Xabier Limia de Gardón
ARTE ET ALIA
Exposición de Sula Repani
No desconfíen. No se trata del título de un capítulo de la inclasificable Pantera Rosa. Inmersos en la era de las aplicaciones para dormir y los vídeos de sonido ambiente, el conocido como ruido de colores ha pasado de ser una mera curiosidad técnica a un auténtico fenómeno cotidiano. Entre ellos, el ruido blanco y el ruido rosa, se han convertido en aliados populares de aquellos que buscan conciliar el sueño en entornos urbanos, por desgracia cada vez más estruendosos. Sin embargo, la ciencia ha empezado a matizar sus supuestos beneficios. En esencia, el ruido blanco es una mezcla uniforme de todas las frecuencias audibles, algo así como una niebla sonora constante. Su utilidad radica en su capacidad para enmascarar ruidos inesperados: portazos, un claxon o una alarma, el tráfico intenso o estrepitosas multitudes cercanas, que quedarían diluidas en ese fondo homogéneo. Por eso, desde hace tiempo se ha utilizado como instrumento inductor del descanso, al intentar evitar que estímulos repentinos interrumpan el sueño. El ruido rosa, por su parte, introduce una ligera variación.
Contiene también todas las frecuencias, pero concede un valor protagonista a las más graves
Contiene también todas las frecuencias, pero concede un valor protagonista a las más graves, lo que lo que incrementa su suavidad y parecido con ciertos sonidos naturales como la lluvia, el rumor de un arroyo o el oleaje marino.
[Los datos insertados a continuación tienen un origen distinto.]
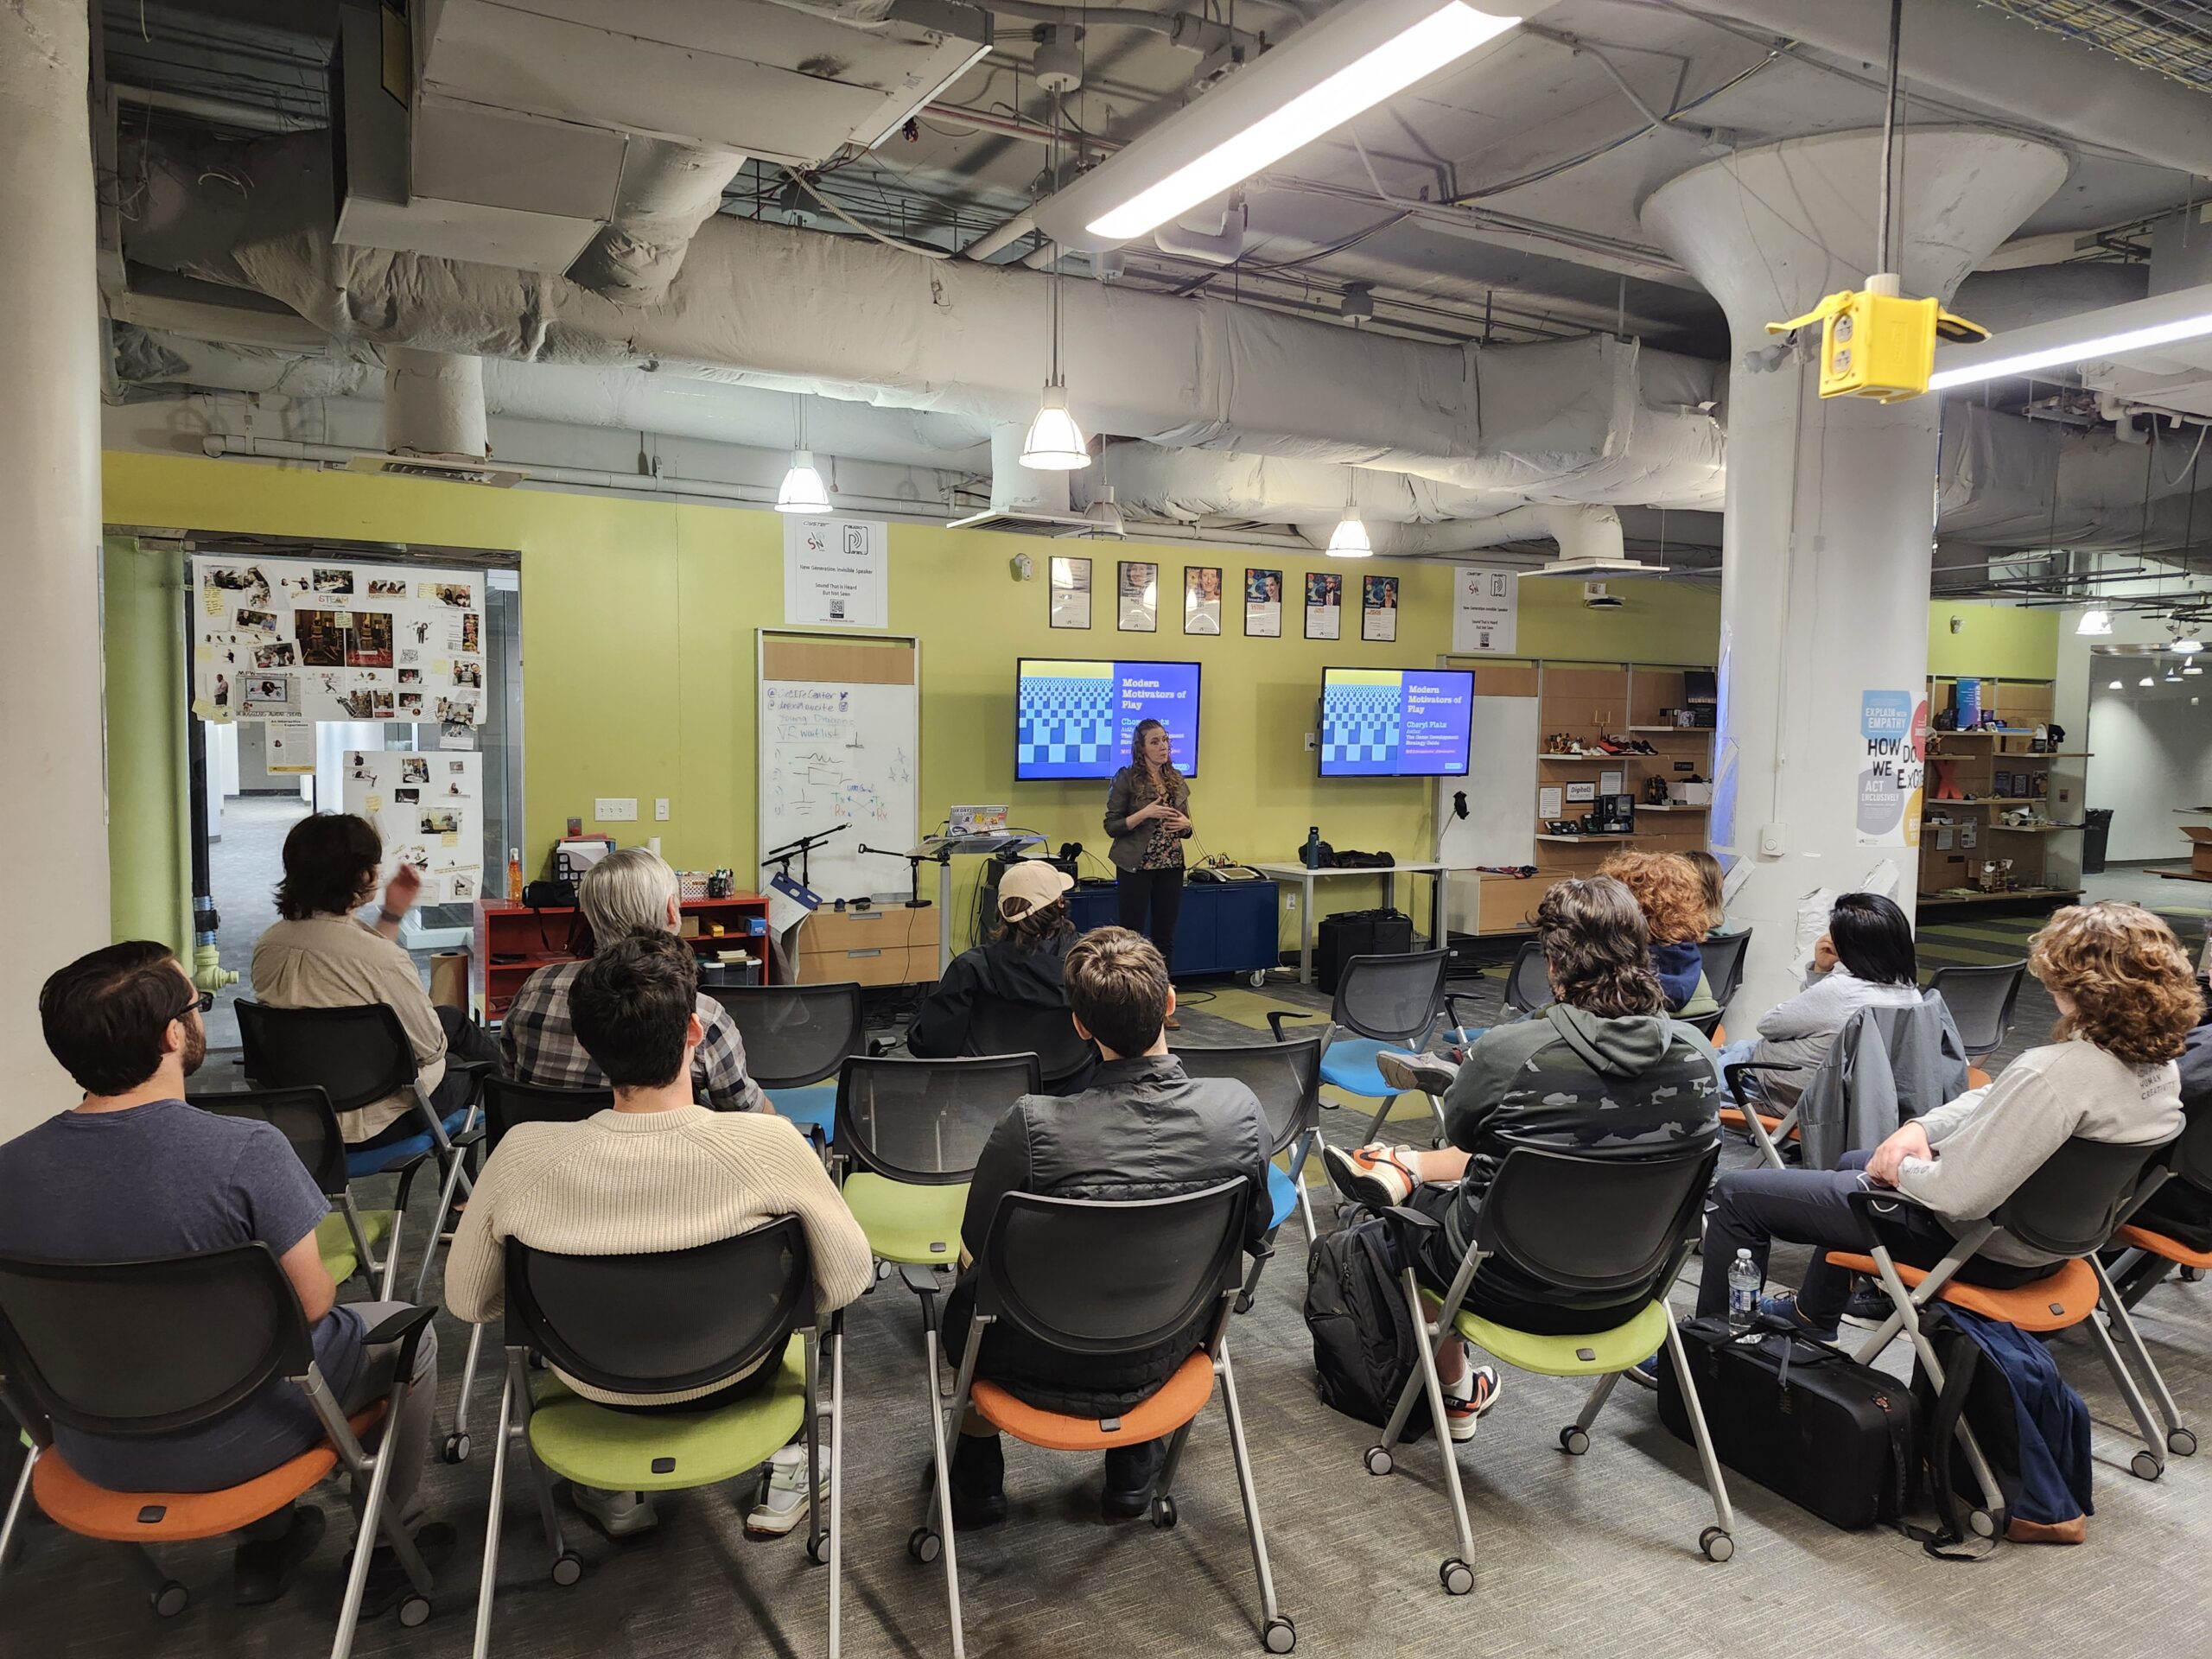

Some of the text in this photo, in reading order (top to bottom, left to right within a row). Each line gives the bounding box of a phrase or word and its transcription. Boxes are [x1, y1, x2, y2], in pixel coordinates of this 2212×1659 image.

[1122, 678, 1160, 688] Modern
[1122, 690, 1187, 699] Motivators of
[1409, 685, 1440, 694] Modern
[1122, 700, 1142, 710] Play
[1408, 705, 1425, 715] Play
[1866, 708, 1896, 717] EXPLAIN
[1407, 721, 1428, 729] Cheryl
[1868, 717, 1907, 728] EMPATHY
[1867, 737, 1917, 764] HOW DO
[1872, 760, 1892, 776] WE
[1865, 780, 1885, 792] ACT
[1861, 793, 1900, 802] INCLUSIVELY
[2139, 1073, 2162, 1089] HUMAN
Esa cualidad lo convierte en el favorito de estas aplicaciones modernas especializadas, que lo ofertan como una alternativa más agradable y, supuestamente, más eficaz. Pero las evidencias más recientes invitan a la prudencia. Un estudio citado por Medscape señala que estos sonidos continuos no siempre mejoran el descanso. En condiciones de laboratorio, el ruido rosa redujo la fase REM del sueño, un periodo esencial para la fijación de la memoria, la regulación emocional y el rendimiento cognitivo del día siguiente.
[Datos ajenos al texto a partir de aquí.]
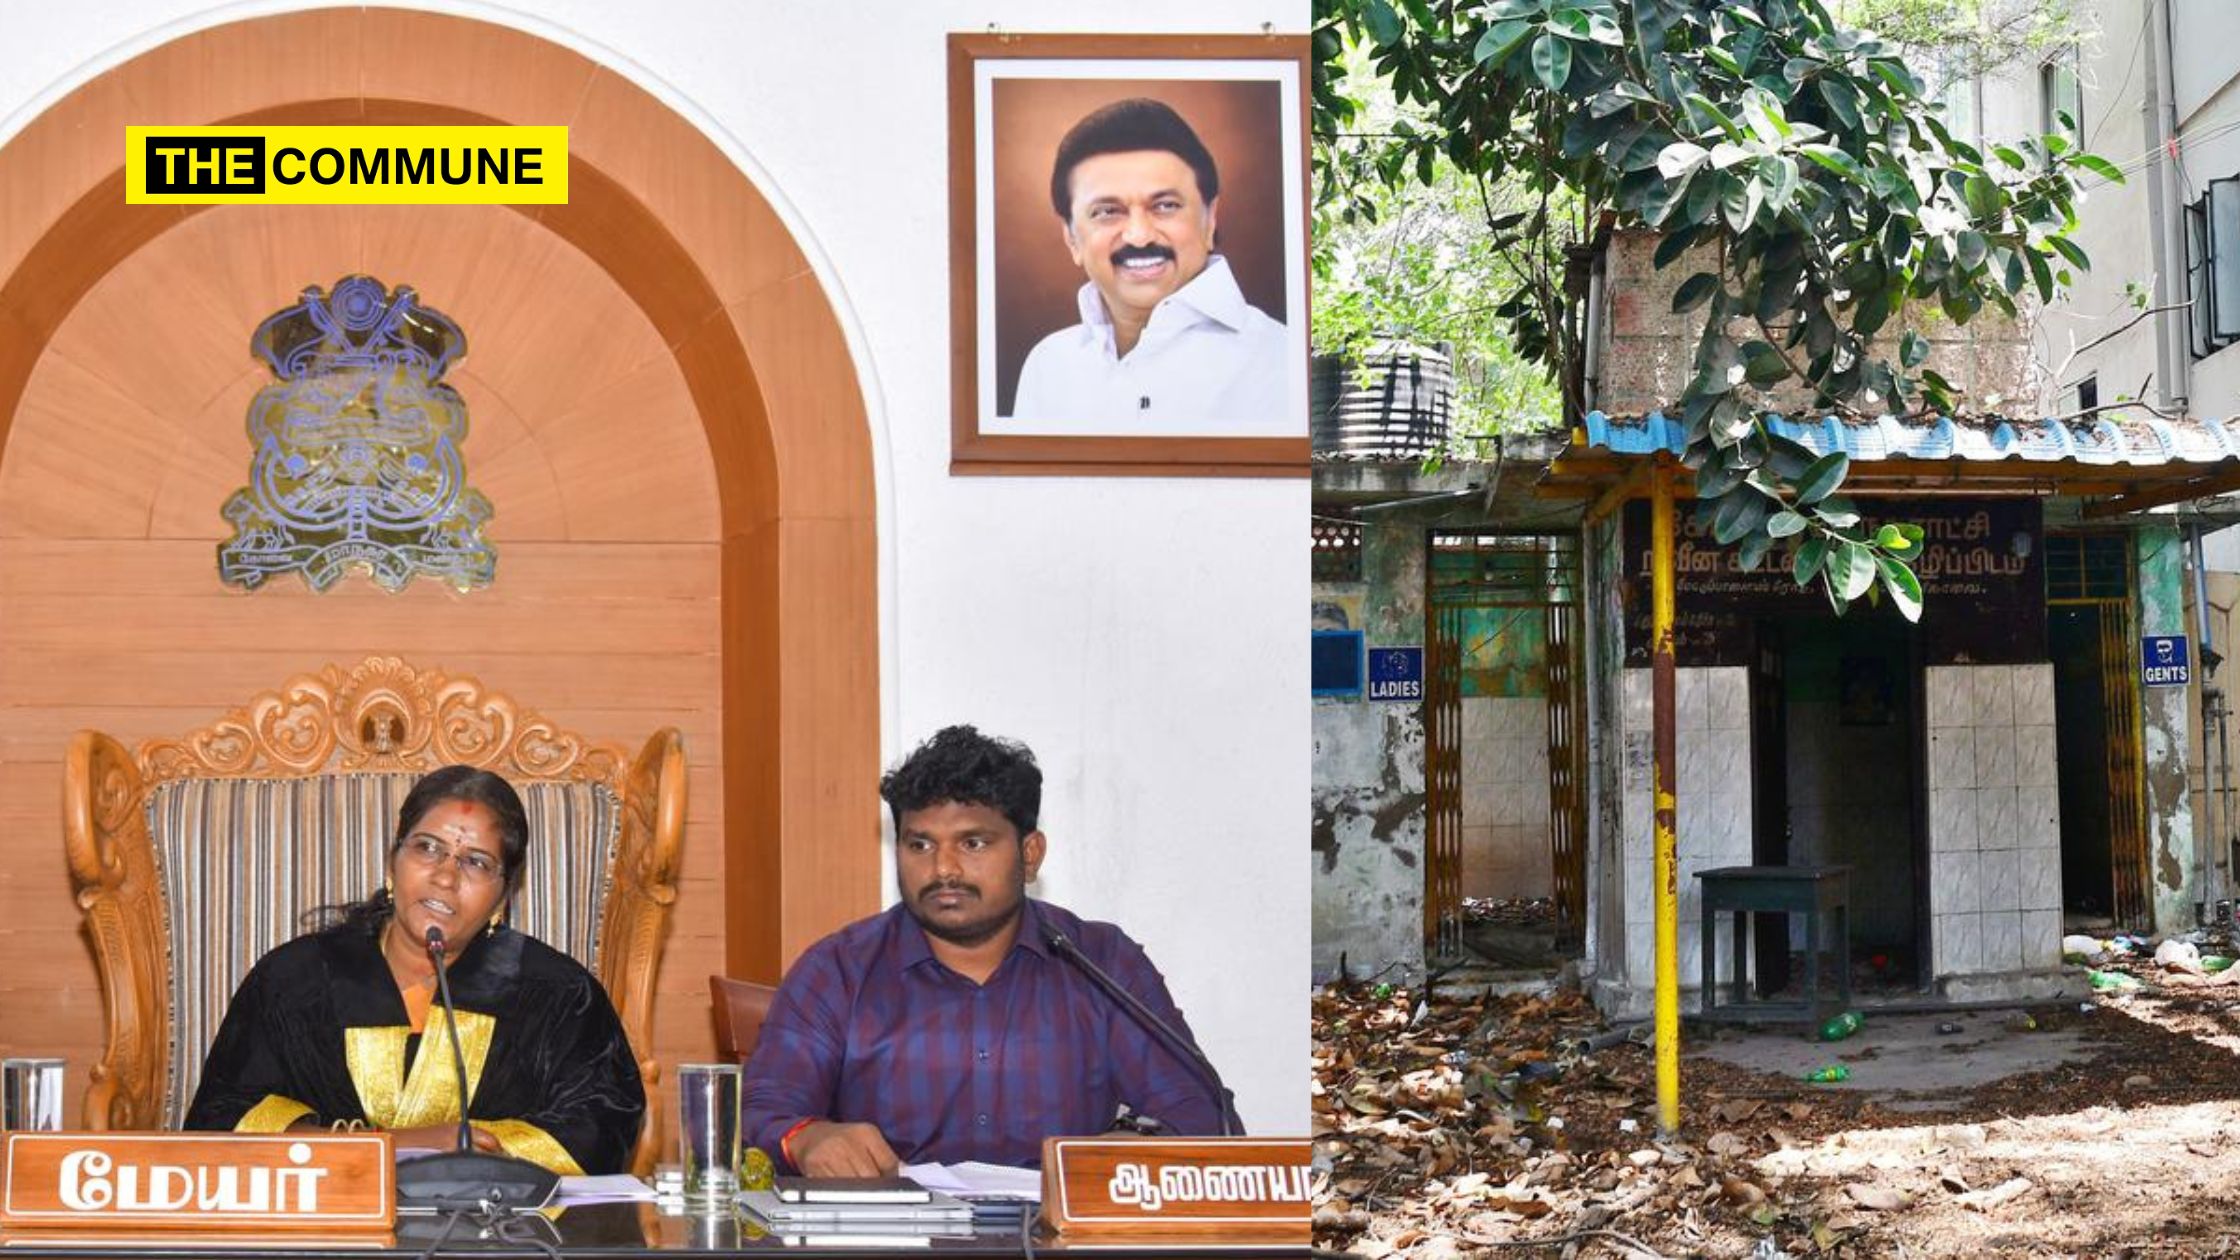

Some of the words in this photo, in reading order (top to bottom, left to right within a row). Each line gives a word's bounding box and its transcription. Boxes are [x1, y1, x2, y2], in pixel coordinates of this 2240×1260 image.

[2145, 666, 2188, 682] GENTS
[1370, 680, 1420, 697] LADIES
[59, 1142, 328, 1212] மேயர்
Este hallazgo es especialmente relevante porque pone el foco en la calidad del sueño, más allá de su duración. Dormir ocho horas no garantiza un descanso reparador si a la vez se alteran las fases profundas del sueño, responsables de nuestra recuperación física y mental. En otras palabras, el problema no es solo dormirnos, sino cómo lo hacemos. Paradójicamente, la constancia que convierte en atractivos a estos sonidos puede ser un arma de doble filo, ya que el cerebro, lejos de desconectar, sigue procesando estímulos continuos durante toda la noche. Y aunque en algunos casos puede ayudar a conciliar el sueño, también puede interferir en su arquitectura natural. Los ruidos blanco y rosa pueden ser útiles, pero no representan la panacea universal para conciliar el sueño y descansar. En definitiva, el auge de estos sonidos terapéuticos refleja la creciente dificultad para el buen dormir. El sueño, como tantas otras funciones esenciales del cuerpo, rara vez se deja domesticar a golpe del botón de una aplicación.